Tom Wills, Trade Justice Movement

 

In a report, timed to be released as UK chancellor Jeremy Hunt announced his Autumn Statement, the Trade Justice Movement calls for some developing countries to be exempt from the scope of a UK CBAM scheme or to be given long transition periods.

“We don’t propose that this adds up to a free pass for poorer countries to just continue to follow polluting industrial policies, but without support, investment and transition periods we think it is unlikely that these countries will just magically start producing clearer goods,” Wills explains.

Vanheukelen says that with direct foreign investment or technology transfers to these countries, “producers in third countries that are exporting to the EU will have an incentive to change”.

Is ISDS needed?

Wills’ third wish for the COP28 agenda is the much-maligned investor-state dispute settlement mechanism, which environmental campaigners have insisted for years allows big corporates to undermine policies aimed at reducing emissions or protecting nature.

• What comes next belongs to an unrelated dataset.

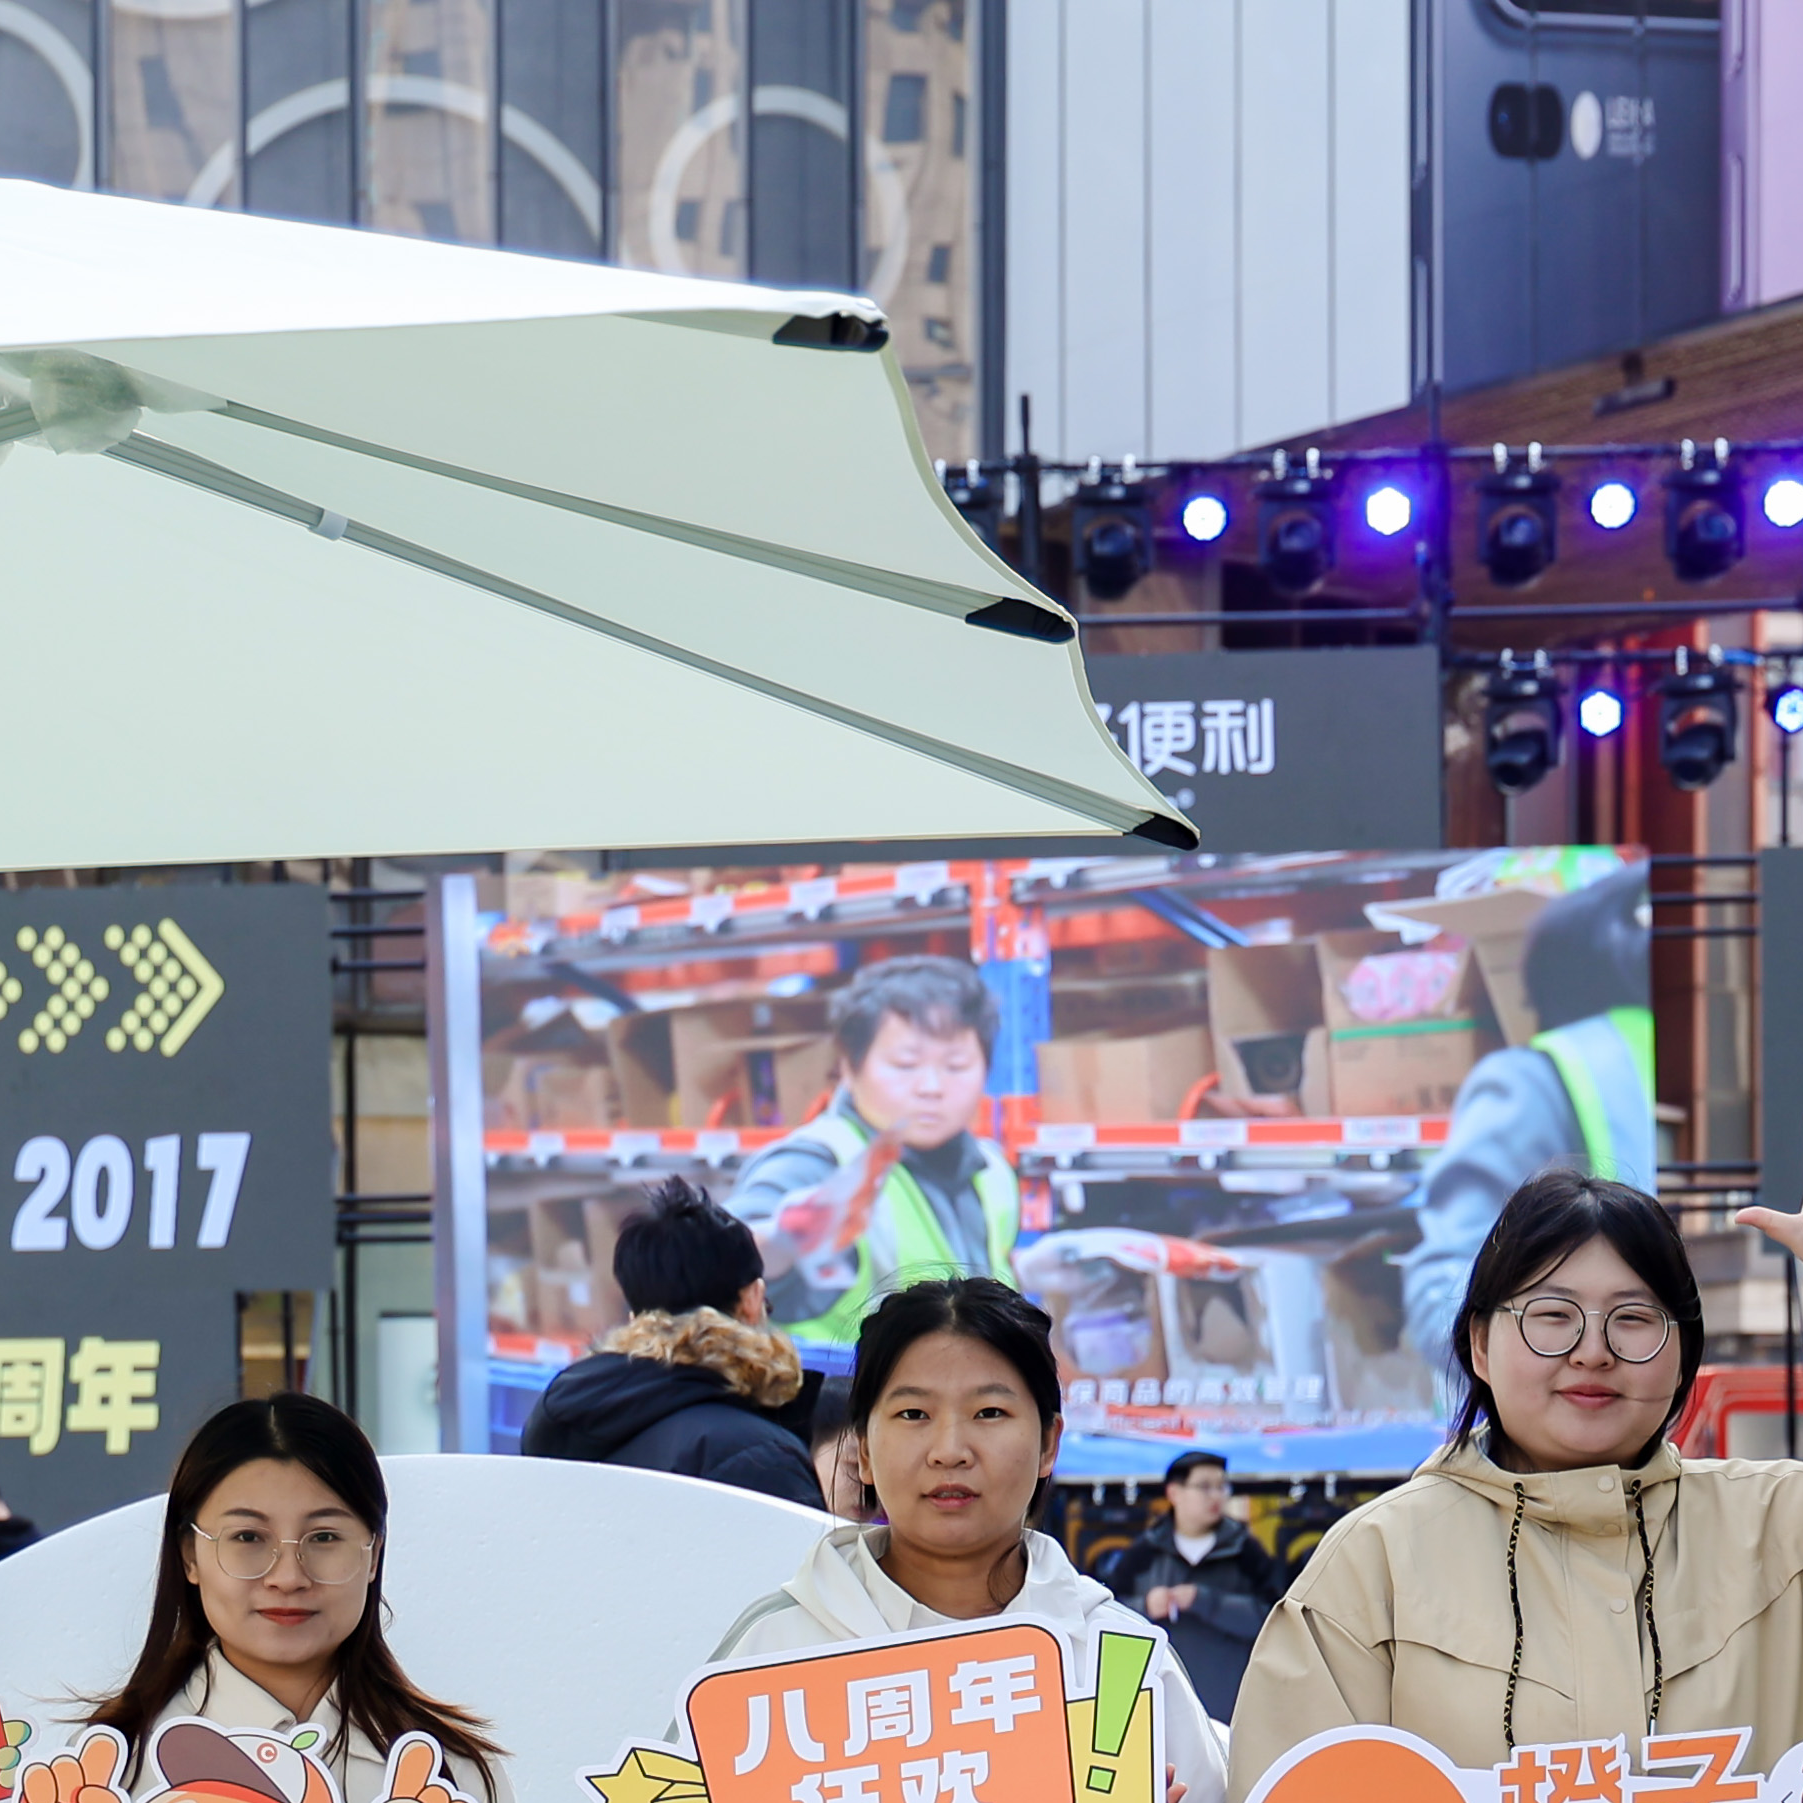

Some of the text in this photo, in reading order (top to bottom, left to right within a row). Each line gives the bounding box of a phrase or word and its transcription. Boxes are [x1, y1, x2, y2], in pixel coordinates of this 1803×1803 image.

[11, 1131, 252, 1252] 2017
[734, 1654, 1042, 1776] 八周年
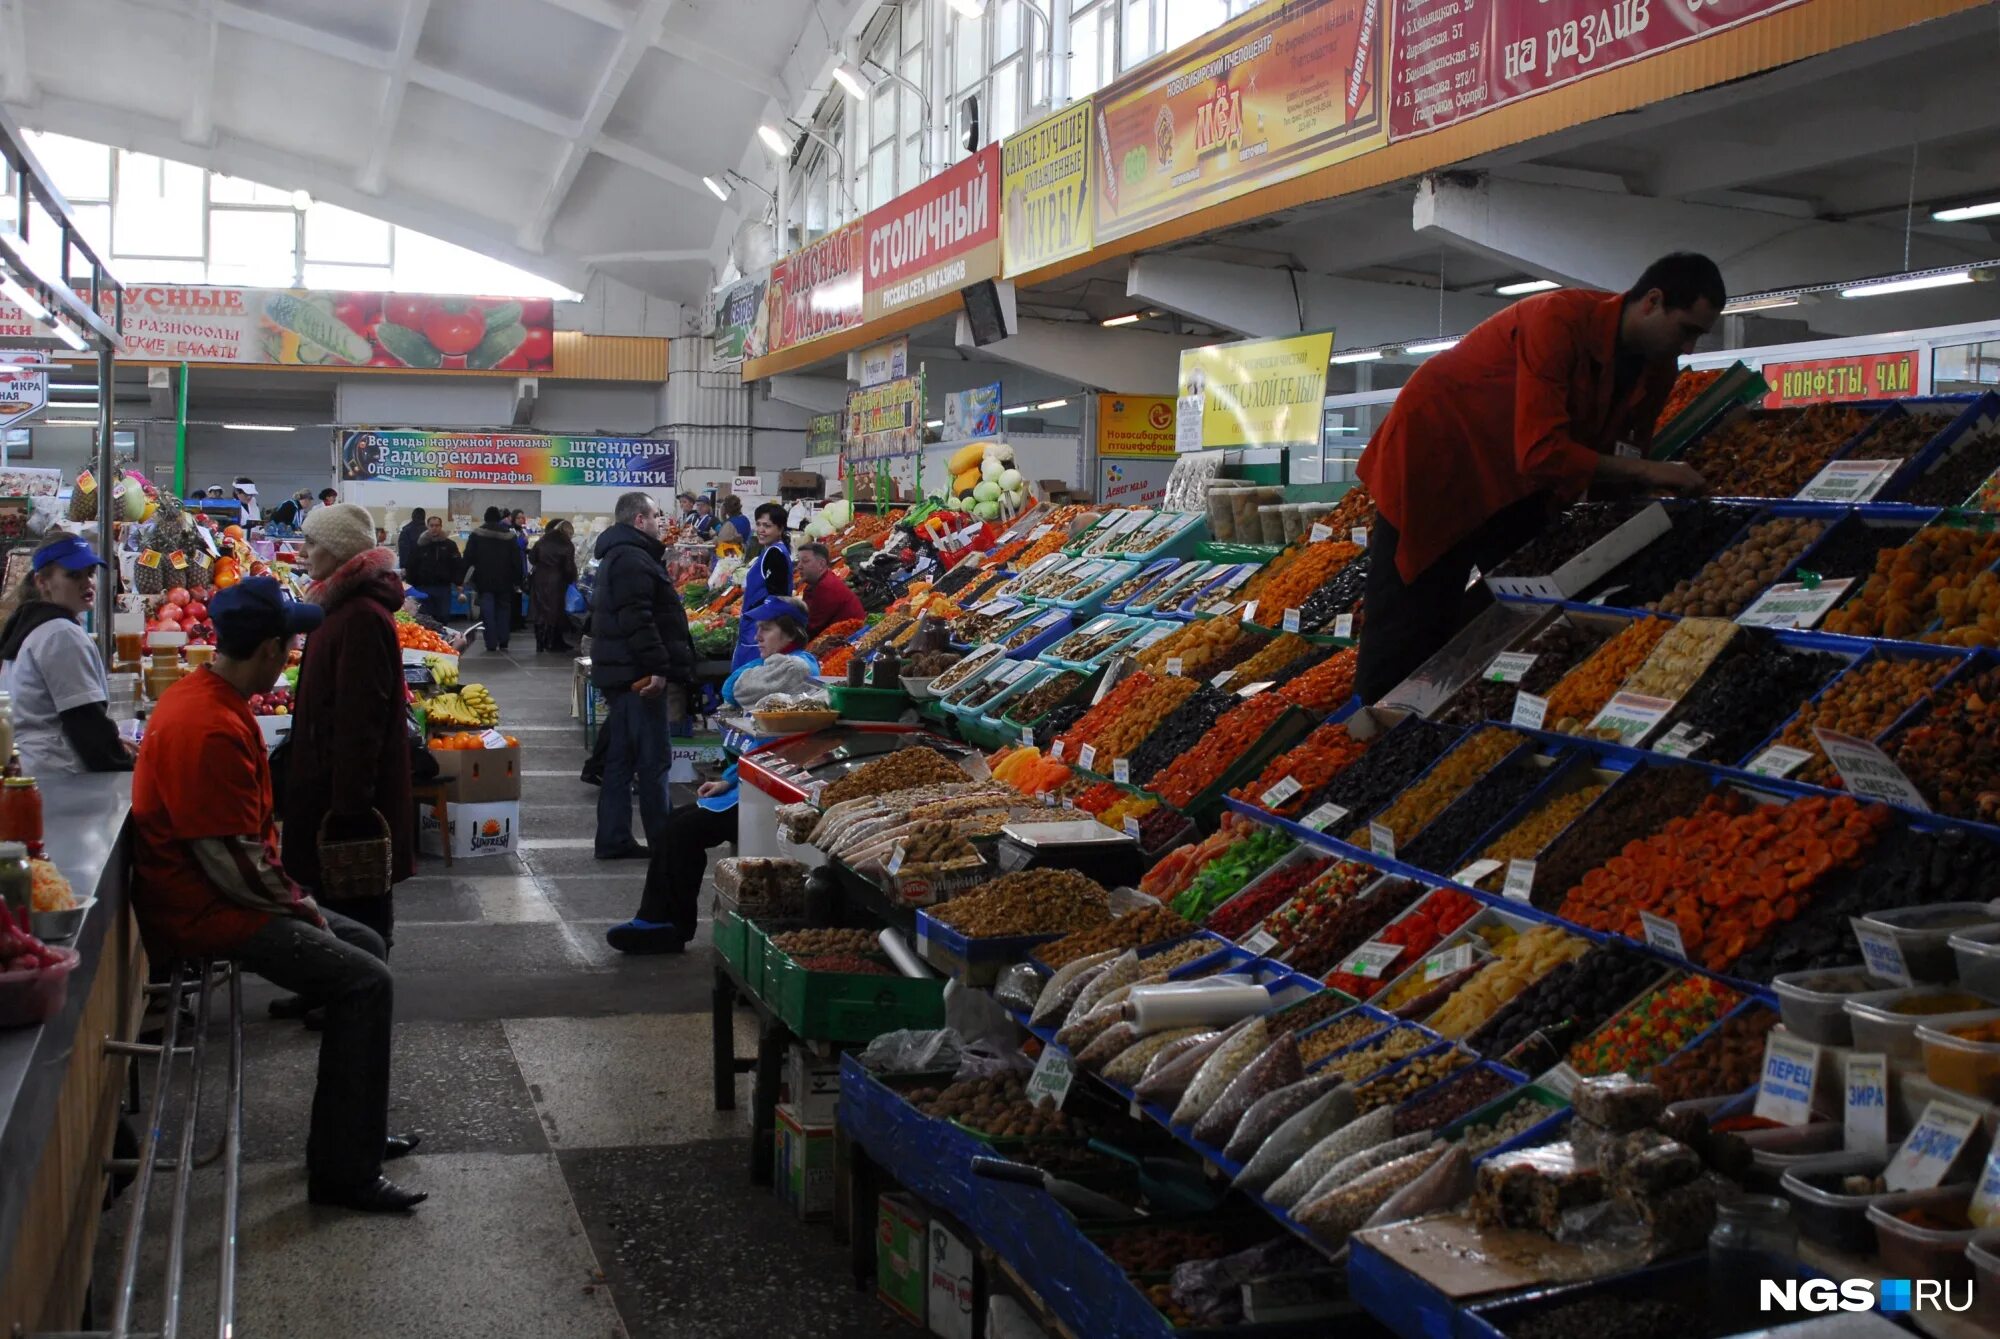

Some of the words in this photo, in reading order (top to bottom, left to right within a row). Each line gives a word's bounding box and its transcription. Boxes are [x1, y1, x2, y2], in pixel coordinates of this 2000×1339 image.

The most-criticised body in this system is the Energy Charter Treaty, which Germany, France, the Netherlands, Spain and Poland have all announced plans to withdraw from because of its incompatibility with the Paris Agreement, and the UK is expected to announce its decision on whether to stay or leave the ECT later this month.

The Guardian reported last week that Klesch Group Holdings Limited, a Jersey-based oil-refining company, is using the ECT to sue the EU, Germany and Denmark for at least €95mn over a windfall tax introduced during the Ukraine war that it sees as a “pretext” for undermining fossil fuel companies.

While many believe the ECT may be tottering towards its end, it “is just one part of a global structure”, says Wills. “We need to dismantle the ISDS system wholesale.”

A briefing published ahead of COP28 by the International Institute for Environment and Development and the Columbia Center on Sustainable Investment shows fossil fuel businesses have been awarded more than $80bn of taxpayers’ money through ISDS since the first case was brought in 1977.

Vanheukelen’s stance on the issue is less radical. “ISDS should not unduly constrain the policy space of countries and should be modernised,” he says. “But we need it otherwise many companies will hesitate to invest, especially in third countries that are not well known for an independent judiciary. ISDS gives them the possibility of international arbitration.”

A final call from Wills is for free trade agreements to include “strong binding commitments on the environment and climate”. Analysis by the UK government on the recent FTA between the UK and New Zealand estimates the deal will lead to an increase of “around 50 per cent in transport emissions associated with trade with New Zealand”.

While trade reform per se to genuinely boost the energy transition may be slow going, Vanheukelen believes that EU policies such as the recent EU anti-deforestation law that will ban products from areas linked to the destruction of forests, will have an impact on trade globally.

“The EU is using more and more access to the internal market as a normative lever to promote sustainability worldwide,” he says. “It is a powerful instrument, but it does not make us friends all over the world.”